## WORKING DATA
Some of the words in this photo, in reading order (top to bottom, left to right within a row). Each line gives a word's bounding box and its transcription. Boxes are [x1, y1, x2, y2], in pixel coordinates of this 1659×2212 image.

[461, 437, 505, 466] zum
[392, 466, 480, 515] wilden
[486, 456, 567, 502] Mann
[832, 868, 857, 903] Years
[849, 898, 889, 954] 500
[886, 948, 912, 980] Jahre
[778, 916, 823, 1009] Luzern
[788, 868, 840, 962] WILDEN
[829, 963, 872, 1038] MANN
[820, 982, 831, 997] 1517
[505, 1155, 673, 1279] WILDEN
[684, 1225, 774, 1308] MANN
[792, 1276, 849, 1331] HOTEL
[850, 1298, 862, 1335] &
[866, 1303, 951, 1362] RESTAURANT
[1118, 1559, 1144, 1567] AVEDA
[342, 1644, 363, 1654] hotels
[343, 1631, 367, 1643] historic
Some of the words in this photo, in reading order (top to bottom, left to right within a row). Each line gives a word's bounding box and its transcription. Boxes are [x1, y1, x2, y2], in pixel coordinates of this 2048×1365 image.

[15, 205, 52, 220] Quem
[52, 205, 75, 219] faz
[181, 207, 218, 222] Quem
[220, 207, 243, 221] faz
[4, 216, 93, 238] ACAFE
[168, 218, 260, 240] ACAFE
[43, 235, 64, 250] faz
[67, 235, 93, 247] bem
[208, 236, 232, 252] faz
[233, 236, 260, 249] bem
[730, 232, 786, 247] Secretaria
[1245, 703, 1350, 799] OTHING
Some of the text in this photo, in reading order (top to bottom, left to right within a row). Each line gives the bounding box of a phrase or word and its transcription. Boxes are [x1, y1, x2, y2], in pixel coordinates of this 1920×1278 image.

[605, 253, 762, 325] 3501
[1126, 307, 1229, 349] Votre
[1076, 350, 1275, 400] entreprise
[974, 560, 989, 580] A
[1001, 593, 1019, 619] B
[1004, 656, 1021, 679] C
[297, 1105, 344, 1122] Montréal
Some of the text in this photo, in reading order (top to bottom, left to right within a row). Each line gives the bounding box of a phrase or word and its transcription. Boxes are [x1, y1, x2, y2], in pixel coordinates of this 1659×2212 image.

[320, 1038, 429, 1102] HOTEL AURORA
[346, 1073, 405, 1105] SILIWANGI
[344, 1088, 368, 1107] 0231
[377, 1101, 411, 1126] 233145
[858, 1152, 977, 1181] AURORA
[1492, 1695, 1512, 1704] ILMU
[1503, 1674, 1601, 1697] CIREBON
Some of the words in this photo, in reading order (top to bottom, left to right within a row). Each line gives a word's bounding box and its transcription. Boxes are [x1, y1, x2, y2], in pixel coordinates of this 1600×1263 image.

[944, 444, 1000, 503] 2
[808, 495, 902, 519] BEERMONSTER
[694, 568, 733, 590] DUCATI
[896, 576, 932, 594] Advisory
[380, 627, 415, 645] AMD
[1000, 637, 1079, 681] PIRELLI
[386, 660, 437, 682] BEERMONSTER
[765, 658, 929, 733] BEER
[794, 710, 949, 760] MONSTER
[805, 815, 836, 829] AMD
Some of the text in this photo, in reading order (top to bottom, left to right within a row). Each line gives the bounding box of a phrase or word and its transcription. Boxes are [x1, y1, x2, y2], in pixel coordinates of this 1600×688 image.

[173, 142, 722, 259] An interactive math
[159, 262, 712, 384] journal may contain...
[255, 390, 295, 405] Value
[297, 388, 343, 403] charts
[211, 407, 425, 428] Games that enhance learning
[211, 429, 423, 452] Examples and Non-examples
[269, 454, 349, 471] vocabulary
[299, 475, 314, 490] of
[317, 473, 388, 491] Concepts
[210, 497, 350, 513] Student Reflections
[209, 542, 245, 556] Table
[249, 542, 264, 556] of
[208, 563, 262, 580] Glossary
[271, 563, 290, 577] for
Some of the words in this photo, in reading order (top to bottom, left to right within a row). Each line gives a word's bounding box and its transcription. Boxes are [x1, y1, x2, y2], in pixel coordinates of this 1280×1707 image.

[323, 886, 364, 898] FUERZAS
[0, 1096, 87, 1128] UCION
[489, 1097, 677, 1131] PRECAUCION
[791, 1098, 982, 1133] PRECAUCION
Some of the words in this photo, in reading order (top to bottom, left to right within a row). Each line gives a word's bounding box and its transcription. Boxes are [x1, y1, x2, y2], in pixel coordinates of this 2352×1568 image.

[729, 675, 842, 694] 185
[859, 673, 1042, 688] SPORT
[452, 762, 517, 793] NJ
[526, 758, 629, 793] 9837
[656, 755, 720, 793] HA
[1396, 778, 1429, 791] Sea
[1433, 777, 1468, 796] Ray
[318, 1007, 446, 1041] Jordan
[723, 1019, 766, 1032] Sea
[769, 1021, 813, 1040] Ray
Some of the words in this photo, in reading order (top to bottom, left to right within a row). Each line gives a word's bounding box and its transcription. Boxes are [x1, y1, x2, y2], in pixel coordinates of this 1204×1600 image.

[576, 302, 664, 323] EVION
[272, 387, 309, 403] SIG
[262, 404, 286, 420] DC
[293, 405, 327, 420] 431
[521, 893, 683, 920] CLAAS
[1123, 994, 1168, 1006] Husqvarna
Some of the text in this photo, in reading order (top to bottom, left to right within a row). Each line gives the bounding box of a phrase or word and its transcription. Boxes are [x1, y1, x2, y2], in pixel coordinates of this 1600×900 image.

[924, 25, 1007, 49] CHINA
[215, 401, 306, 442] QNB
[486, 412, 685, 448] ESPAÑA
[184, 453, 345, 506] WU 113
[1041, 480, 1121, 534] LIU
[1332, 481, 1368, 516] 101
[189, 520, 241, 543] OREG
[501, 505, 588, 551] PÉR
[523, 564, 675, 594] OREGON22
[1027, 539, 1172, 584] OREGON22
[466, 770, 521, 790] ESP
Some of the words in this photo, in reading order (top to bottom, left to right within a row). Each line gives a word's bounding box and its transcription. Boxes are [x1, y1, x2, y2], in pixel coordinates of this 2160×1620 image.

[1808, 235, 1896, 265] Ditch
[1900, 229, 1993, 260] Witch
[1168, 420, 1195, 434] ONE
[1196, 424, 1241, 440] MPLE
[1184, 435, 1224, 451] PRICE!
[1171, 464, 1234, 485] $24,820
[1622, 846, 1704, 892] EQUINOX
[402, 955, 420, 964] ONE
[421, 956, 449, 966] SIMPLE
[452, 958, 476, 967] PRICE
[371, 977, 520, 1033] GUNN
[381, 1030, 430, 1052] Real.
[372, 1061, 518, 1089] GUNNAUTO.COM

## TASK STATEMENT
Print the whole listing again, exactly.

## WRITTEN RESPONSE
Some of the words in this photo, in reading order (top to bottom, left to right within a row). Each line gives a word's bounding box and its transcription. Boxes are [x1, y1, x2, y2], in pixel coordinates of this 1659×2212 image.

[461, 437, 505, 466] zum
[392, 466, 480, 515] wilden
[486, 456, 567, 502] Mann
[832, 868, 857, 903] Years
[849, 898, 889, 954] 500
[886, 948, 912, 980] Jahre
[778, 916, 823, 1009] Luzern
[788, 868, 840, 962] WILDEN
[829, 963, 872, 1038] MANN
[820, 982, 831, 997] 1517
[505, 1155, 673, 1279] WILDEN
[684, 1225, 774, 1308] MANN
[792, 1276, 849, 1331] HOTEL
[850, 1298, 862, 1335] &
[866, 1303, 951, 1362] RESTAURANT
[1118, 1559, 1144, 1567] AVEDA
[342, 1644, 363, 1654] hotels
[343, 1631, 367, 1643] historic
Some of the words in this photo, in reading order (top to bottom, left to right within a row). Each line gives a word's bounding box and its transcription. Boxes are [x1, y1, x2, y2], in pixel coordinates of this 2048×1365 image.

[15, 205, 52, 220] Quem
[52, 205, 75, 219] faz
[181, 207, 218, 222] Quem
[220, 207, 243, 221] faz
[4, 216, 93, 238] ACAFE
[168, 218, 260, 240] ACAFE
[43, 235, 64, 250] faz
[67, 235, 93, 247] bem
[208, 236, 232, 252] faz
[233, 236, 260, 249] bem
[730, 232, 786, 247] Secretaria
[1245, 703, 1350, 799] OTHING
Some of the text in this photo, in reading order (top to bottom, left to right within a row). Each line gives the bounding box of a phrase or word and its transcription. Boxes are [x1, y1, x2, y2], in pixel coordinates of this 1920×1278 image.

[605, 253, 762, 325] 3501
[1126, 307, 1229, 349] Votre
[1076, 350, 1275, 400] entreprise
[974, 560, 989, 580] A
[1001, 593, 1019, 619] B
[1004, 656, 1021, 679] C
[297, 1105, 344, 1122] Montréal
Some of the text in this photo, in reading order (top to bottom, left to right within a row). Each line gives the bounding box of a phrase or word and its transcription. Boxes are [x1, y1, x2, y2], in pixel coordinates of this 1659×2212 image.

[320, 1038, 429, 1102] HOTEL AURORA
[346, 1073, 405, 1105] SILIWANGI
[344, 1088, 368, 1107] 0231
[377, 1101, 411, 1126] 233145
[858, 1152, 977, 1181] AURORA
[1492, 1695, 1512, 1704] ILMU
[1503, 1674, 1601, 1697] CIREBON
Some of the words in this photo, in reading order (top to bottom, left to right within a row). Each line gives a word's bounding box and its transcription. Boxes are [x1, y1, x2, y2], in pixel coordinates of this 1600×1263 image.

[944, 444, 1000, 503] 2
[808, 495, 902, 519] BEERMONSTER
[694, 568, 733, 590] DUCATI
[896, 576, 932, 594] Advisory
[380, 627, 415, 645] AMD
[1000, 637, 1079, 681] PIRELLI
[386, 660, 437, 682] BEERMONSTER
[765, 658, 929, 733] BEER
[794, 710, 949, 760] MONSTER
[805, 815, 836, 829] AMD
Some of the text in this photo, in reading order (top to bottom, left to right within a row). Each line gives the bounding box of a phrase or word and its transcription. Boxes are [x1, y1, x2, y2], in pixel coordinates of this 1600×688 image.

[173, 142, 722, 259] An interactive math
[159, 262, 712, 384] journal may contain...
[255, 390, 295, 405] Value
[297, 388, 343, 403] charts
[211, 407, 425, 428] Games that enhance learning
[211, 429, 423, 452] Examples and Non-examples
[269, 454, 349, 471] vocabulary
[299, 475, 314, 490] of
[317, 473, 388, 491] Concepts
[210, 497, 350, 513] Student Reflections
[209, 542, 245, 556] Table
[249, 542, 264, 556] of
[208, 563, 262, 580] Glossary
[271, 563, 290, 577] for
Some of the words in this photo, in reading order (top to bottom, left to right within a row). Each line gives a word's bounding box and its transcription. Boxes are [x1, y1, x2, y2], in pixel coordinates of this 1280×1707 image.

[323, 886, 364, 898] FUERZAS
[0, 1096, 87, 1128] UCION
[489, 1097, 677, 1131] PRECAUCION
[791, 1098, 982, 1133] PRECAUCION
Some of the words in this photo, in reading order (top to bottom, left to right within a row). Each line gives a word's bounding box and its transcription. Boxes are [x1, y1, x2, y2], in pixel coordinates of this 2352×1568 image.

[729, 675, 842, 694] 185
[859, 673, 1042, 688] SPORT
[452, 762, 517, 793] NJ
[526, 758, 629, 793] 9837
[656, 755, 720, 793] HA
[1396, 778, 1429, 791] Sea
[1433, 777, 1468, 796] Ray
[318, 1007, 446, 1041] Jordan
[723, 1019, 766, 1032] Sea
[769, 1021, 813, 1040] Ray
Some of the words in this photo, in reading order (top to bottom, left to right within a row). Each line gives a word's bounding box and its transcription. Boxes are [x1, y1, x2, y2], in pixel coordinates of this 1204×1600 image.

[576, 302, 664, 323] EVION
[272, 387, 309, 403] SIG
[262, 404, 286, 420] DC
[293, 405, 327, 420] 431
[521, 893, 683, 920] CLAAS
[1123, 994, 1168, 1006] Husqvarna
Some of the text in this photo, in reading order (top to bottom, left to right within a row). Each line gives the bounding box of a phrase or word and its transcription. Boxes are [x1, y1, x2, y2], in pixel coordinates of this 1600×900 image.

[924, 25, 1007, 49] CHINA
[215, 401, 306, 442] QNB
[486, 412, 685, 448] ESPAÑA
[184, 453, 345, 506] WU 113
[1041, 480, 1121, 534] LIU
[1332, 481, 1368, 516] 101
[189, 520, 241, 543] OREG
[501, 505, 588, 551] PÉR
[523, 564, 675, 594] OREGON22
[1027, 539, 1172, 584] OREGON22
[466, 770, 521, 790] ESP
Some of the words in this photo, in reading order (top to bottom, left to right within a row). Each line gives a word's bounding box and its transcription. Boxes are [x1, y1, x2, y2], in pixel coordinates of this 2160×1620 image.

[1808, 235, 1896, 265] Ditch
[1900, 229, 1993, 260] Witch
[1168, 420, 1195, 434] ONE
[1196, 424, 1241, 440] MPLE
[1184, 435, 1224, 451] PRICE!
[1171, 464, 1234, 485] $24,820
[1622, 846, 1704, 892] EQUINOX
[402, 955, 420, 964] ONE
[421, 956, 449, 966] SIMPLE
[452, 958, 476, 967] PRICE
[371, 977, 520, 1033] GUNN
[381, 1030, 430, 1052] Real.
[372, 1061, 518, 1089] GUNNAUTO.COM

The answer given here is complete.